● **The problem**:
Exact copy, pictures excluded: write out every line below.

»»

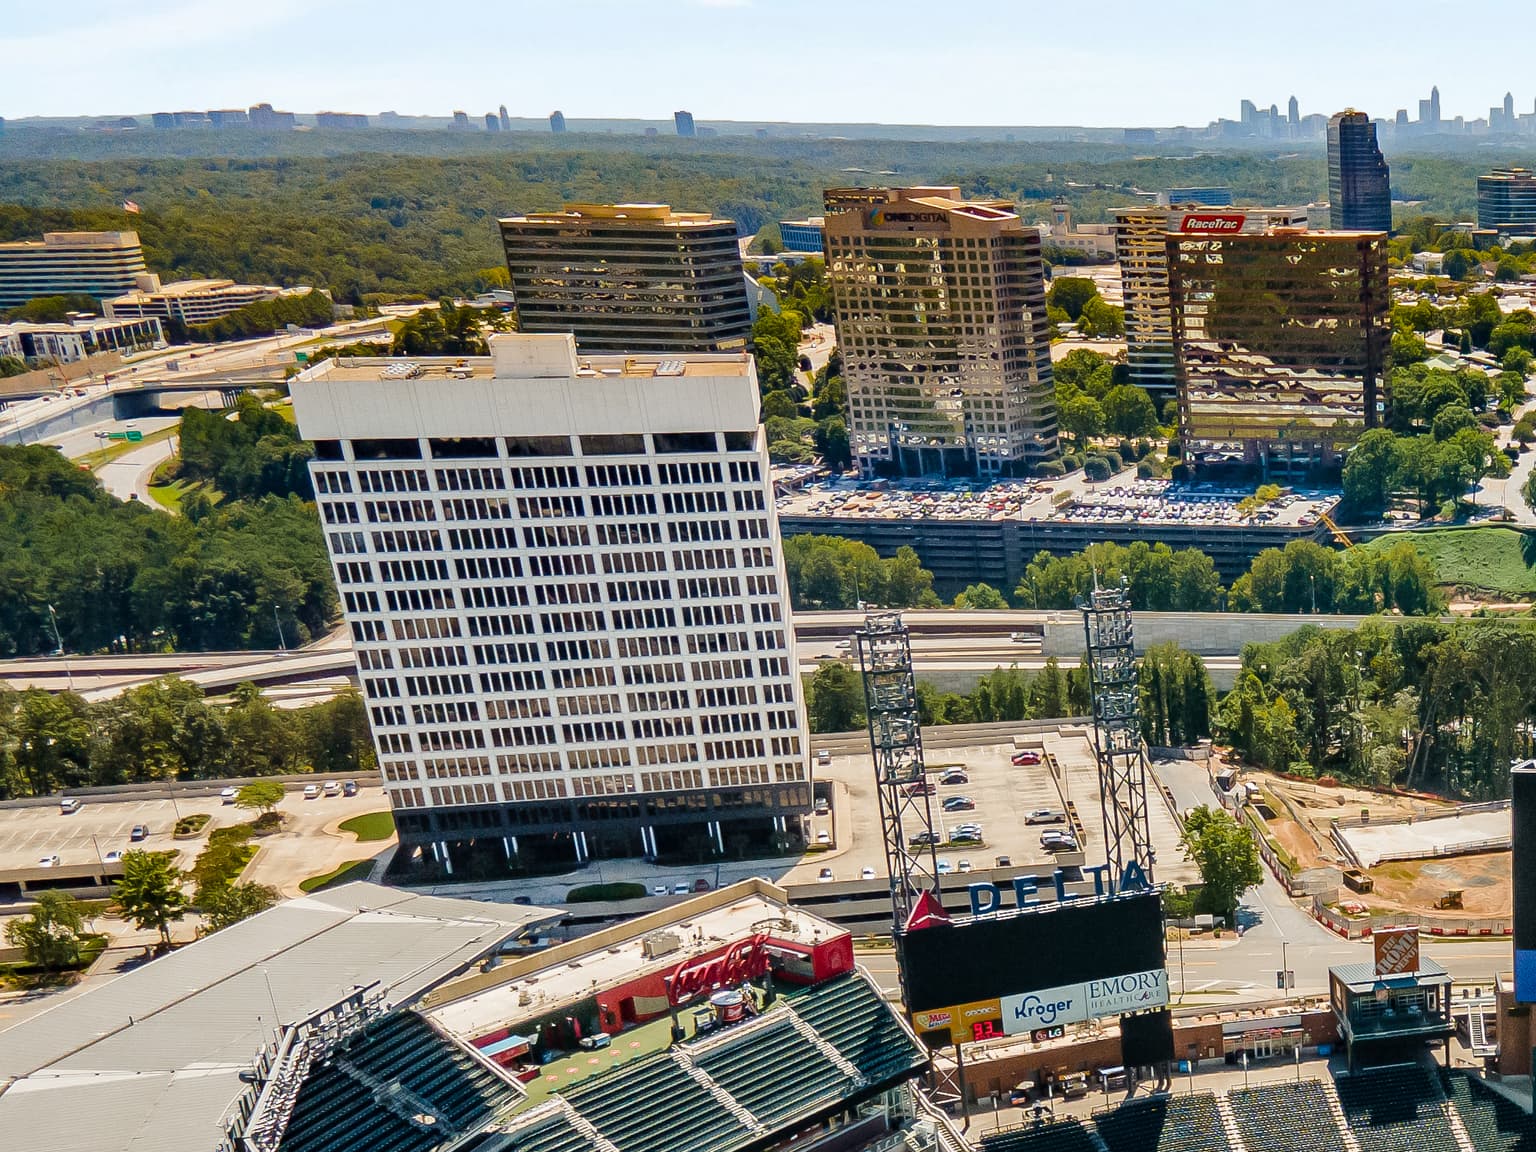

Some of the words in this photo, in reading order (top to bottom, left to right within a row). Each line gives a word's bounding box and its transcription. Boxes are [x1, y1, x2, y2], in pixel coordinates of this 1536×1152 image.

[884, 211, 950, 224] ONEDIGITAL
[1186, 217, 1238, 231] RaceTrac
[968, 860, 1151, 915] DELTA
[1376, 932, 1417, 973] HOME
[1089, 971, 1162, 998] EMORY
[1015, 995, 1073, 1024] Kroger
[1049, 1028, 1063, 1038] LG
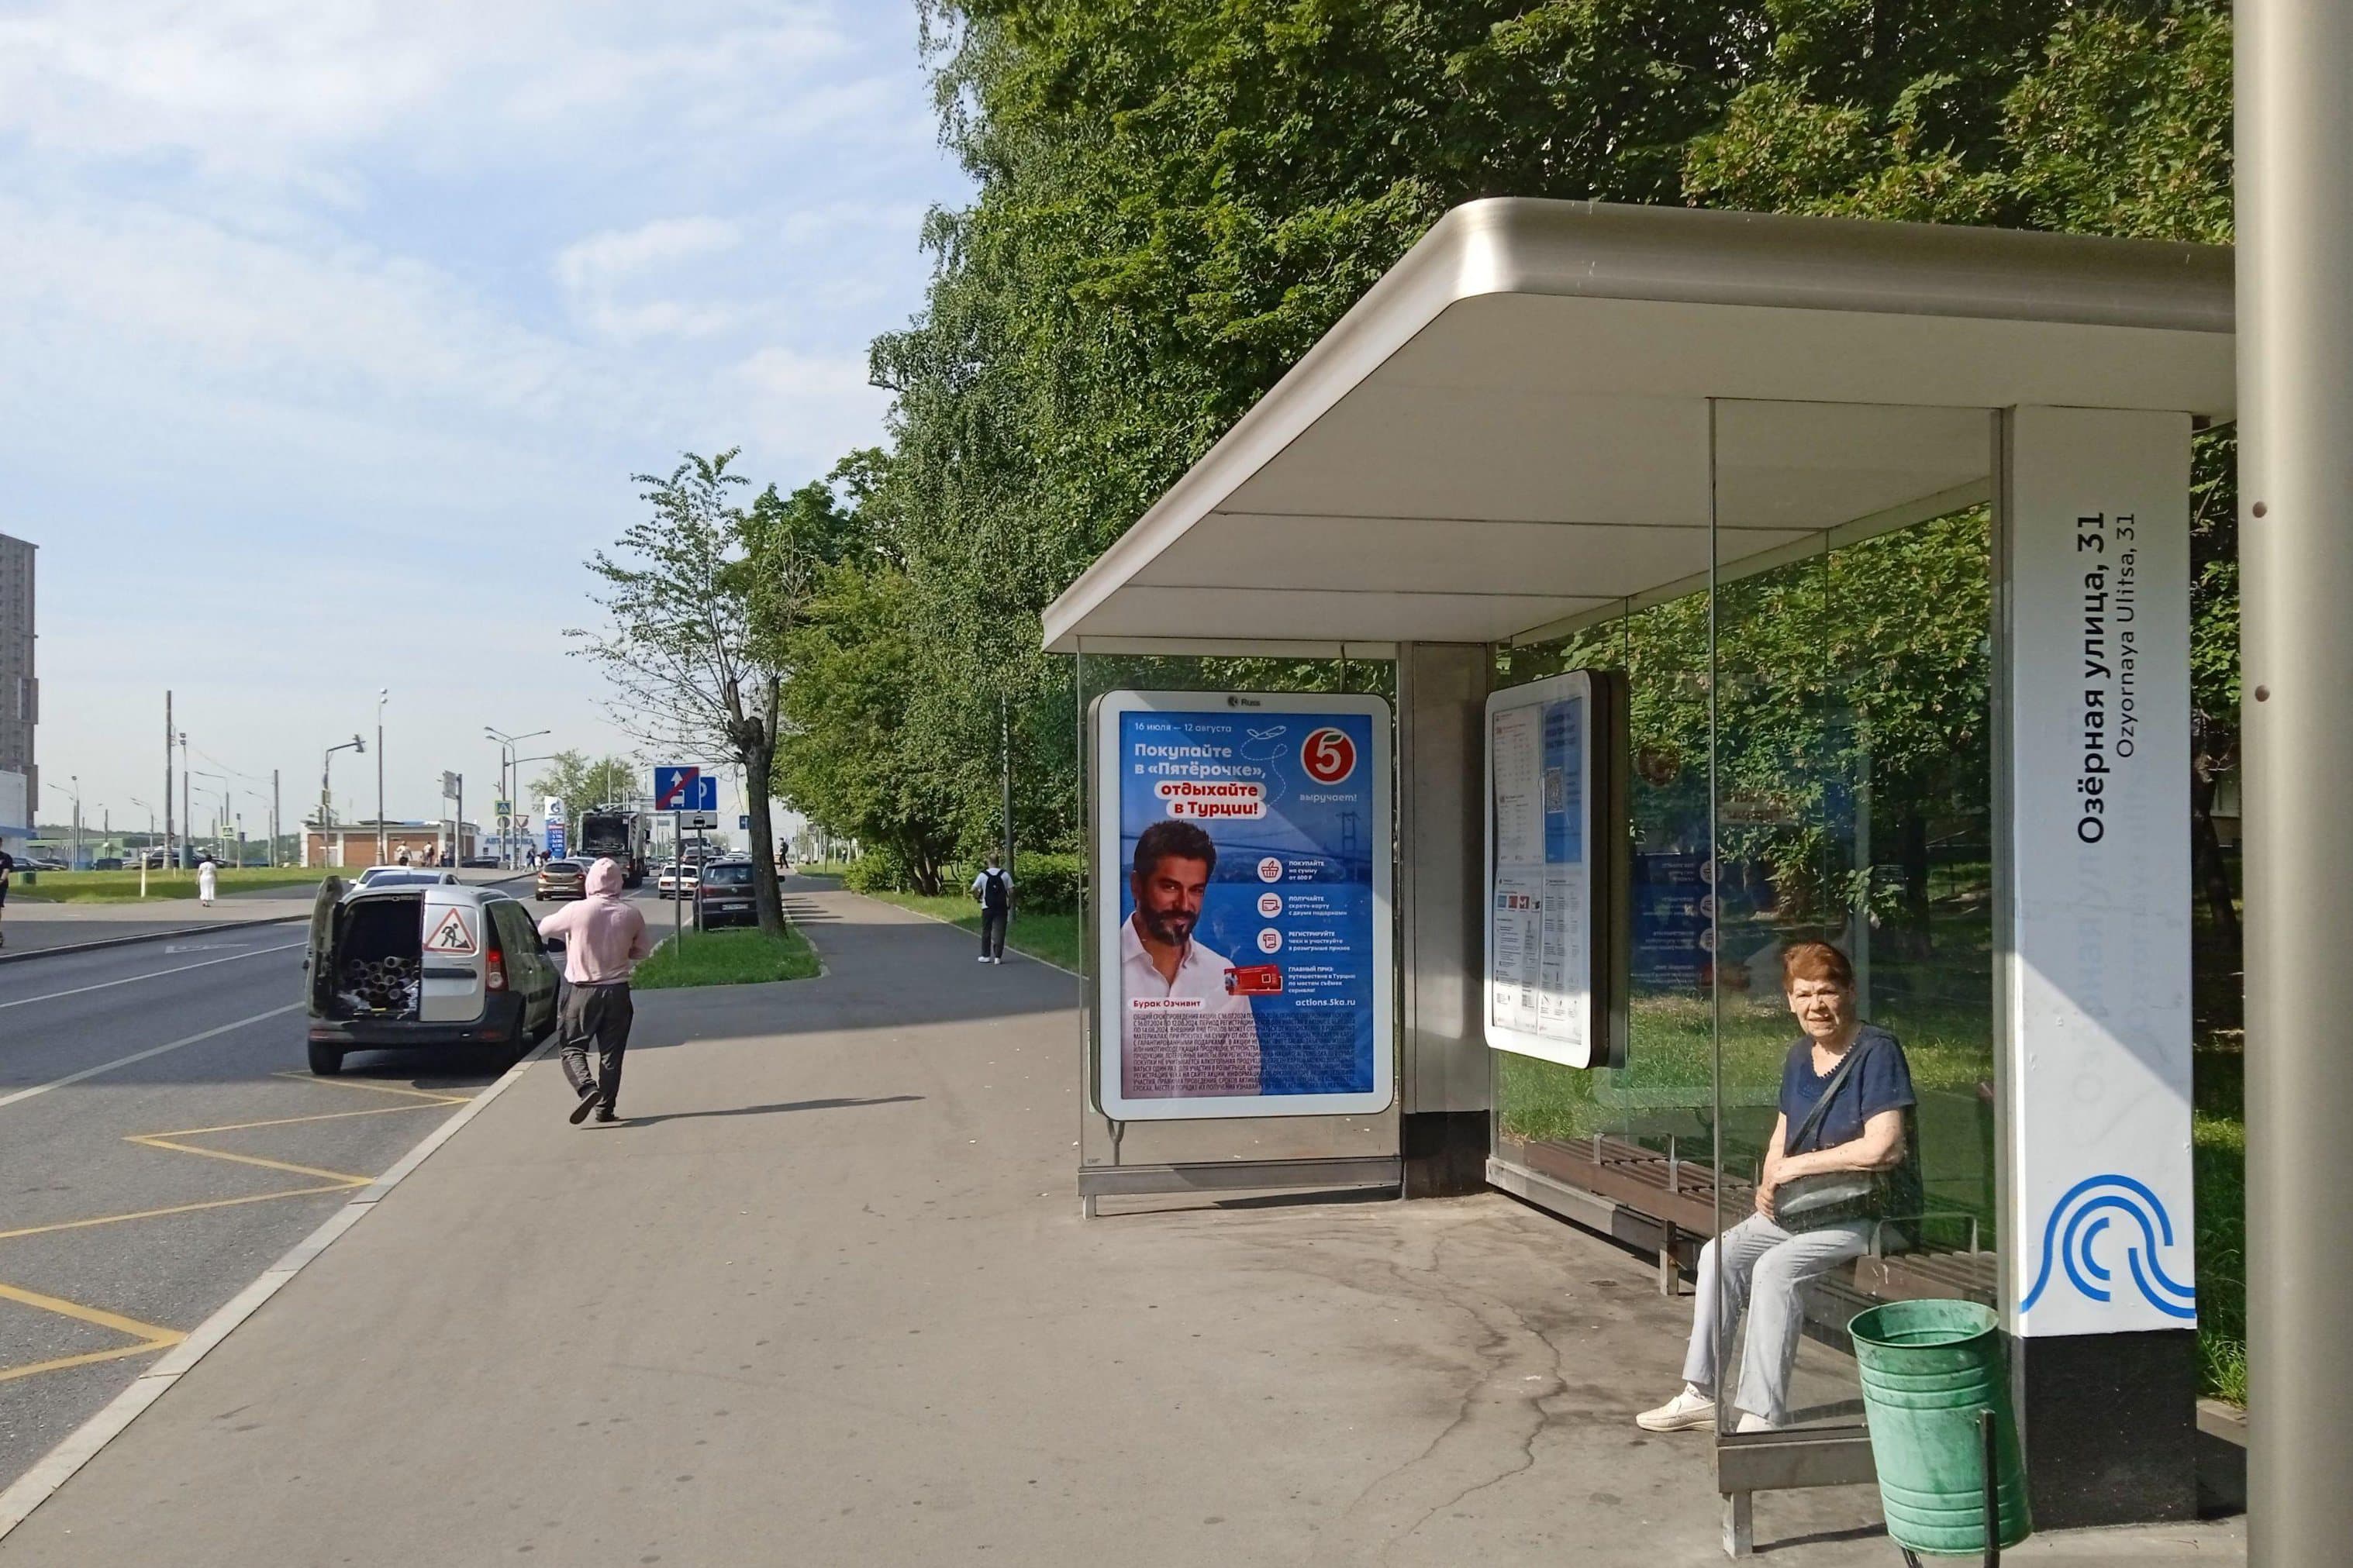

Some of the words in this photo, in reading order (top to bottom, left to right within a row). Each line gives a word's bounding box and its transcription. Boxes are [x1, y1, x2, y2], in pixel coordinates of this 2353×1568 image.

[2077, 512, 2104, 553] 31
[2117, 514, 2134, 540] 31
[2116, 548, 2137, 622] Ulitsa,
[2085, 564, 2111, 679] улица,
[1241, 698, 1261, 707] Russ
[2117, 631, 2138, 757] Ozyornaya
[1135, 722, 1144, 731] 16
[1147, 723, 1171, 732] июля
[1185, 723, 1193, 732] 12
[1195, 725, 1232, 734] августа
[1135, 743, 1233, 760] Покупайте
[1135, 764, 1144, 774] в
[1147, 760, 1266, 779] «Пятёрочке»,
[2077, 690, 2110, 843] Озёрная
[1161, 782, 1258, 797] отдыхайте
[1299, 794, 1358, 803] выручает!
[1175, 802, 1184, 814] в
[1188, 801, 1258, 817] Турции!
[1133, 1000, 1161, 1008] Бурак
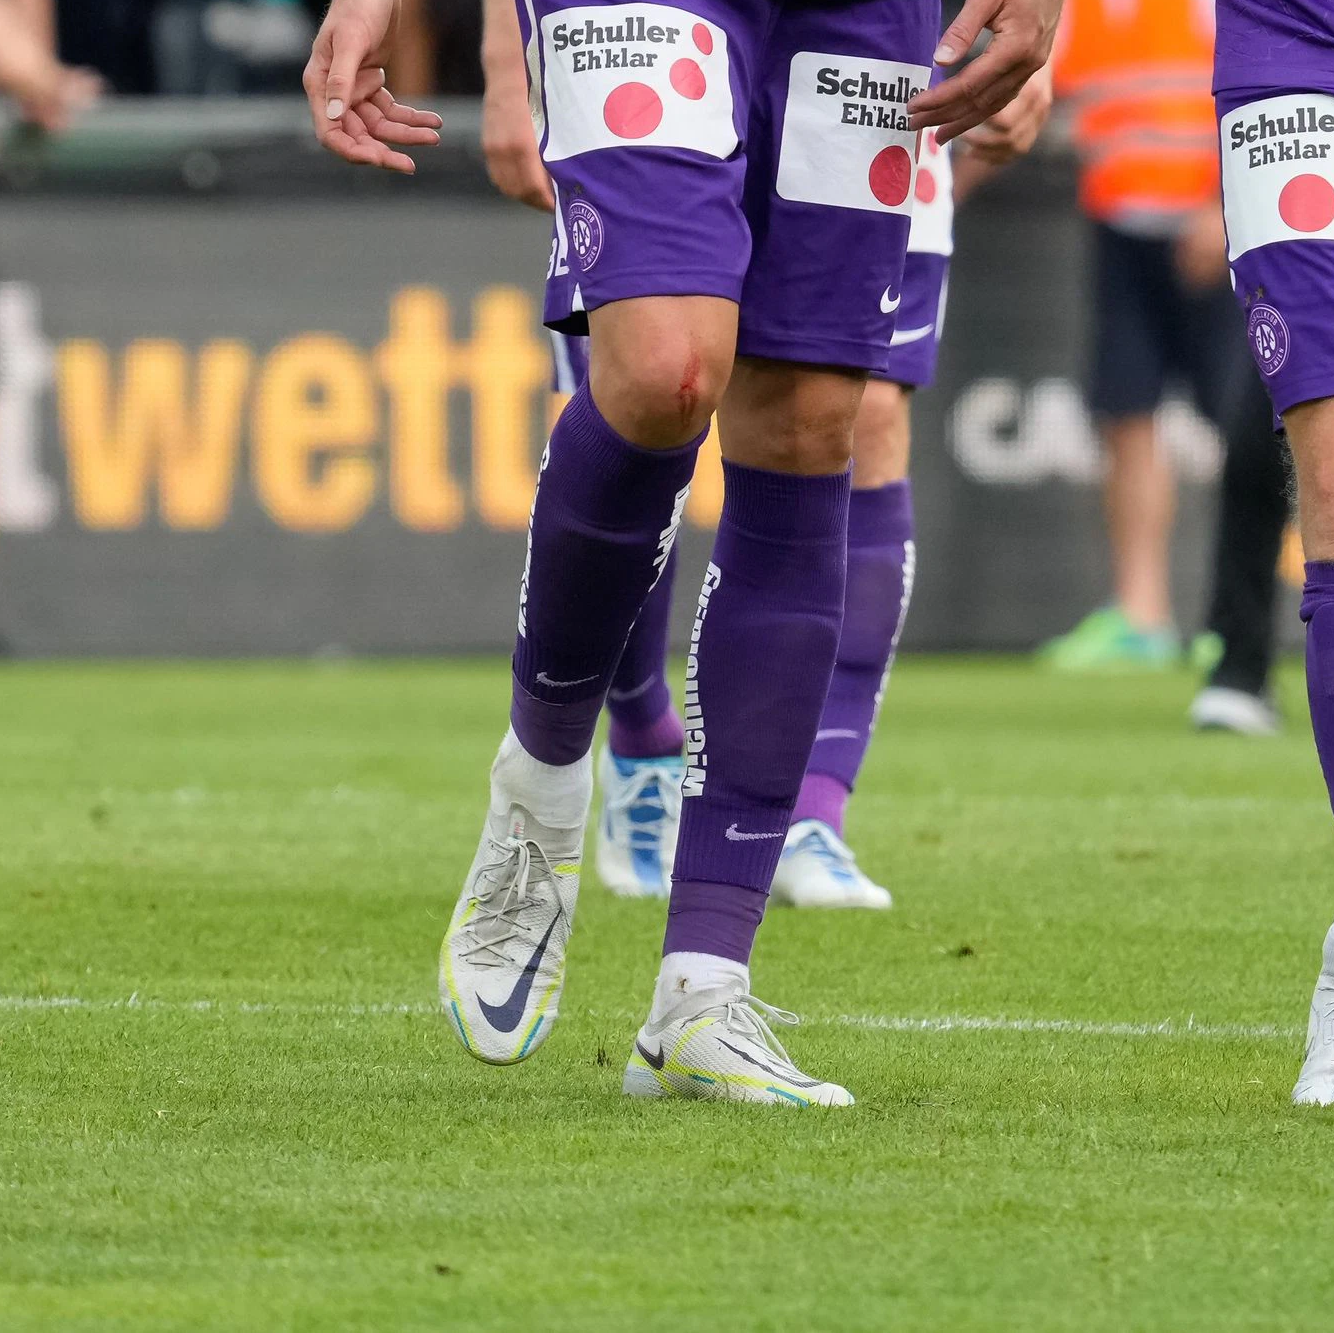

««

● **Result**:
Some of the words in this photo, in reading order (top to bottom, left to right within a row). Each line gives a word's bounding box and its transcription. Boxes are [x1, y1, x2, y2], in pixel coordinates of this 1536×1152 image.

[884, 211, 950, 224] ONEDIGITAL
[1186, 217, 1238, 231] RaceTrac
[968, 860, 1151, 915] DELTA
[1376, 932, 1417, 973] HOME
[1089, 971, 1162, 998] EMORY
[1015, 995, 1073, 1024] Kroger
[1049, 1028, 1063, 1038] LG

Some of the words in this photo, in reading order (top to bottom, left to right within a row). Each line gives a word's bounding box and its transcription. Boxes are [x1, y1, x2, y2], in pixel coordinates of this 2353×1568 image.

[2077, 512, 2104, 553] 31
[2117, 514, 2134, 540] 31
[2116, 548, 2137, 622] Ulitsa,
[2085, 564, 2111, 679] улица,
[1241, 698, 1261, 707] Russ
[2117, 631, 2138, 757] Ozyornaya
[1135, 722, 1144, 731] 16
[1147, 723, 1171, 732] июля
[1185, 723, 1193, 732] 12
[1195, 725, 1232, 734] августа
[1135, 743, 1233, 760] Покупайте
[1135, 764, 1144, 774] в
[1147, 760, 1266, 779] «Пятёрочке»,
[2077, 690, 2110, 843] Озёрная
[1161, 782, 1258, 797] отдыхайте
[1299, 794, 1358, 803] выручает!
[1175, 802, 1184, 814] в
[1188, 801, 1258, 817] Турции!
[1133, 1000, 1161, 1008] Бурак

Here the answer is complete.